Support for Drupal 7 is ending on 5 January 2025—it’s time to migrate to Drupal 10! Learn about the many benefits of Drupal 10 and find migration tools in our resource center.
In testing #681760: Try to improve performance and eliminate duplicates caused by node_access table joins, we found that we could not replicate this proposed Drupal 6 query syntax in Drupal 7.
SELECT n.nid, n.sticky, n.created FROM node n WHERE (EXISTS (SELECT na.nid FROM node_access na WHERE n.nid = na.nid AND (na.grant_view >= 1 AND ((na.gid = 0 AND na.realm = 'all') OR (na.gid = 0 AND na.realm = 'domain_site') OR (na.gid = 0 AND na.realm = 'domain_id'))))) AND ( n.promote = 1 AND n.status = 1 )ORDER BY n.sticky DESC, n.created DESC LIMIT 0, 10;
When using $query->condition(), the fieldname is required, so we are stuck with something like:
$query->condition('n.nid', $subquery, 'EXISTS'), which returns malformed SQL.
SELECT n.nid, n.sticky, n.created FROM node n WHERE ( n.promote = 1 AND n.status = 1 ) AND (n.nid EXISTS (SELECT na.nid FROM node_access na WHERE n.nid = na.nid AND (na.grant_view >= 1 AND ((na.gid = 0 AND na.realm = 'all') OR (na.gid = 0 AND na.realm = 'domain_site') OR (na.gid = 0 AND na.realm = 'domain_id'))))) ANDORDER BY n.sticky DESC, n.created DESC LIMIT 0, 10;
The documentation at http://drupal.org/node/310086 suggests that EXISTS is not properly supported by DBTNG:
Subselects are generally useful only in two cases: Where the subselect results in only a single row and value returned and the operator is =, <, >, <=, or >=; or when the subselect returns a single column of information and the operator is IN. Most other combination would result in a syntax error.
So, how to fix?
Comment | File | Size | Author |
---|---|---|---|
#42 | drupal-1001242-42-revise-exists-test.patch | 2.05 KB | Steven Jones |
#41 | 1001242-41-revise-exists-test.patch | 1.89 KB | bfroehle |
#34 | 1001242-select-exists.patch | 7.6 KB | agentrickard |
#29 | 1001242-select-exists.patch | 7.6 KB | Crell |
#12 | 1001242-exists-with-tests.patch | 7.5 KB | agentrickard |
Comments
Comment #1
pwolanin CreditAttribution: pwolanin commentedCan you supply an empty string as the field name?
update: Ken says no.
Comment #2
pwolanin CreditAttribution: pwolanin commentedSome similar:
"WHERE NOT EXISTS"
"WHERE NOT (boolean expression)"
but generally this is an unusual construction it seems.
Comment #3
pwolanin CreditAttribution: pwolanin commentedSeems like to do this in a sane way we need to make the condition interface more complete, e.g.:
Comment #4
webchickThis sounds fairly non-obtrusive, so as long as there are tests, I'm comfortable squeezing this in to make our node access queries performant.
Comment #5
Crell CreditAttribution: Crell commentedI second Angie's comment. With unit tests this should be a no-break addition so I'm comfortable with it. We want fast node access queries. :-)
Comment #6
webchickIncidentally, can we get confirmation that EXISTS isn't some weird MySQL-ism? I never ran into that clause before.
Comment #7
Crell CreditAttribution: Crell commentedIt certainly appears to be ANSI:
http://www.firstsql.com/iexist3.htm
http://www.databasejournal.com/features/mssql/article.php/1438001/ANSI-J...

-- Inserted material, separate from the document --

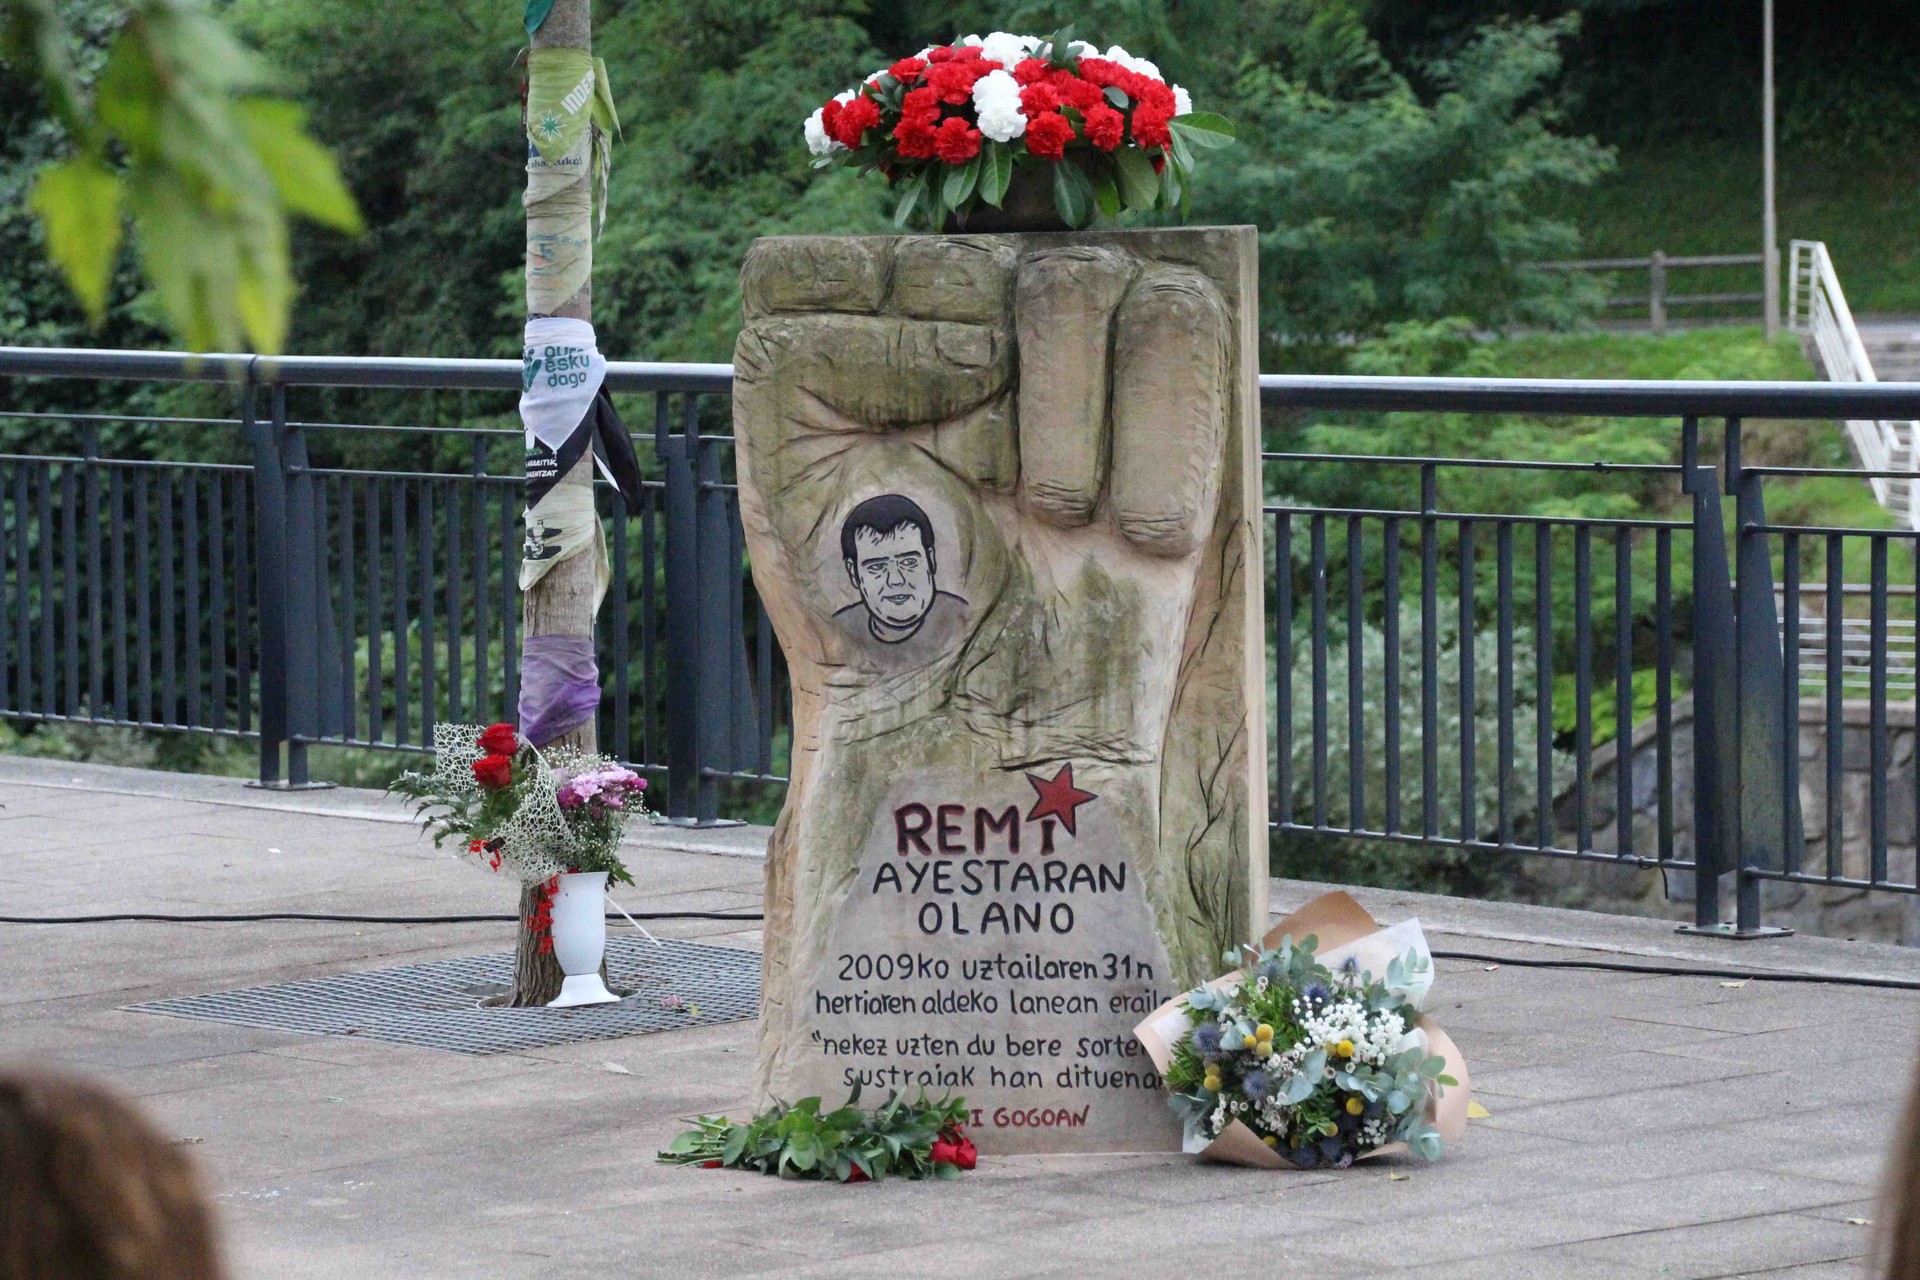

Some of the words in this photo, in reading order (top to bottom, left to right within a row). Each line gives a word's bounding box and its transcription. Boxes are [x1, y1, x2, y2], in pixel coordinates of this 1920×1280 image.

http://www.oreillynet.com/pub/a/network/2002/04/08/compsets.html
http://weblogs.sqlteam.com/mladenp/archive/2007/05/18/60210.aspx
(There's actually some interesting data in those links for someone working on this patch to consider...)
Comment #8
agentrickardEXISTS is ANSI standard.
http://www.sqlite.org/lang_expr.html [Edit, better link.]
http://dev.mysql.com/doc/refman/5.0/en/exists-and-not-exists-subqueries....

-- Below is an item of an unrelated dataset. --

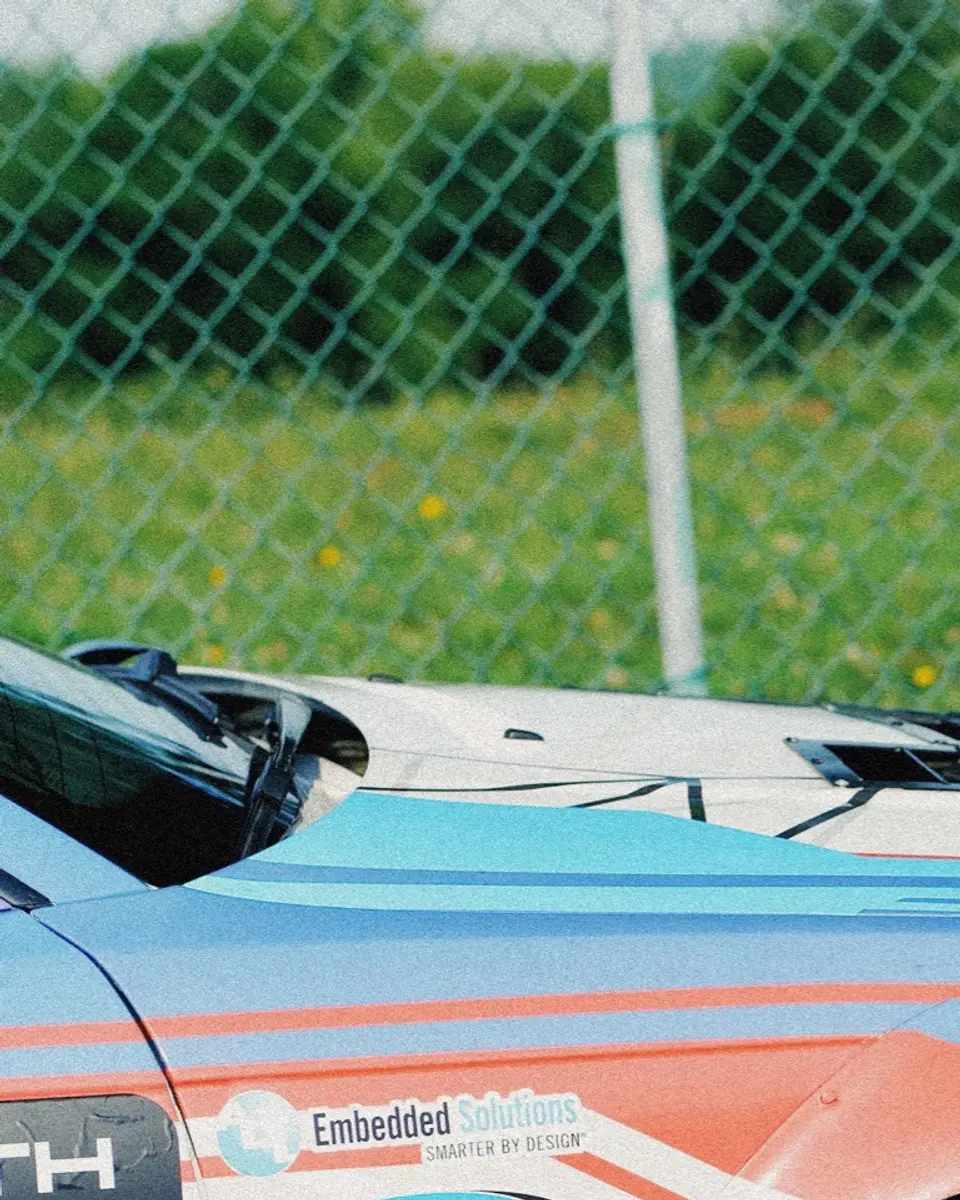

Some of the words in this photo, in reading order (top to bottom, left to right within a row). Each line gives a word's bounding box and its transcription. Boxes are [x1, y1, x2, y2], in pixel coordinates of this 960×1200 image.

[312, 1103, 451, 1147] Embedded
[458, 1094, 577, 1133] Solutions
[427, 1143, 496, 1162] SMARTER
[501, 1138, 521, 1155] BY

http://www.postgresql.org/docs/7.4/interactive/functions-subquery.html
Comment #9
agentrickardHere ya go, tests.
If this goes in, #681760: Try to improve performance and eliminate duplicates caused by node_access table joins needs revision to remove patch duplication.
NOTE: The basic db_select() syntax is not tested for other conditionals in core. Only for simple '=' operations. So this patch was held to a higher standard than the rest of core. Tests for items like BETWEEN are limited to Update queries. Someone else needs to fix that in another issue.
Comment #10
Crell CreditAttribution: Crell commentedWouldn't pwolanin's approach in #3 be cleaner? That seems like it would be far more self-documenting, and make it easier to support the various variants of EXISTS that chx tells me, er, exist. (SOME, ALL, ANY.)
Comment #11
agentrickardI knew you would say that. Doing so puts that squarely on you, IMO.
Comment #12
agentrickardThis is as far as I can go. The rest is a black box of OO Fu.
Something actually has to implement adding the EXISTS clause to the query string.
Comment #13
chx CreditAttribution: chx commentedANSI SQL has more quantifiers (namely ANY/SOME, ALL) we are not adding support for them because we ... can't. And that's fine. Noone uses them anyways :) Your query looks like
SELECT * FROM node WHERE nid > ANY (SELECT nid FROM node_access)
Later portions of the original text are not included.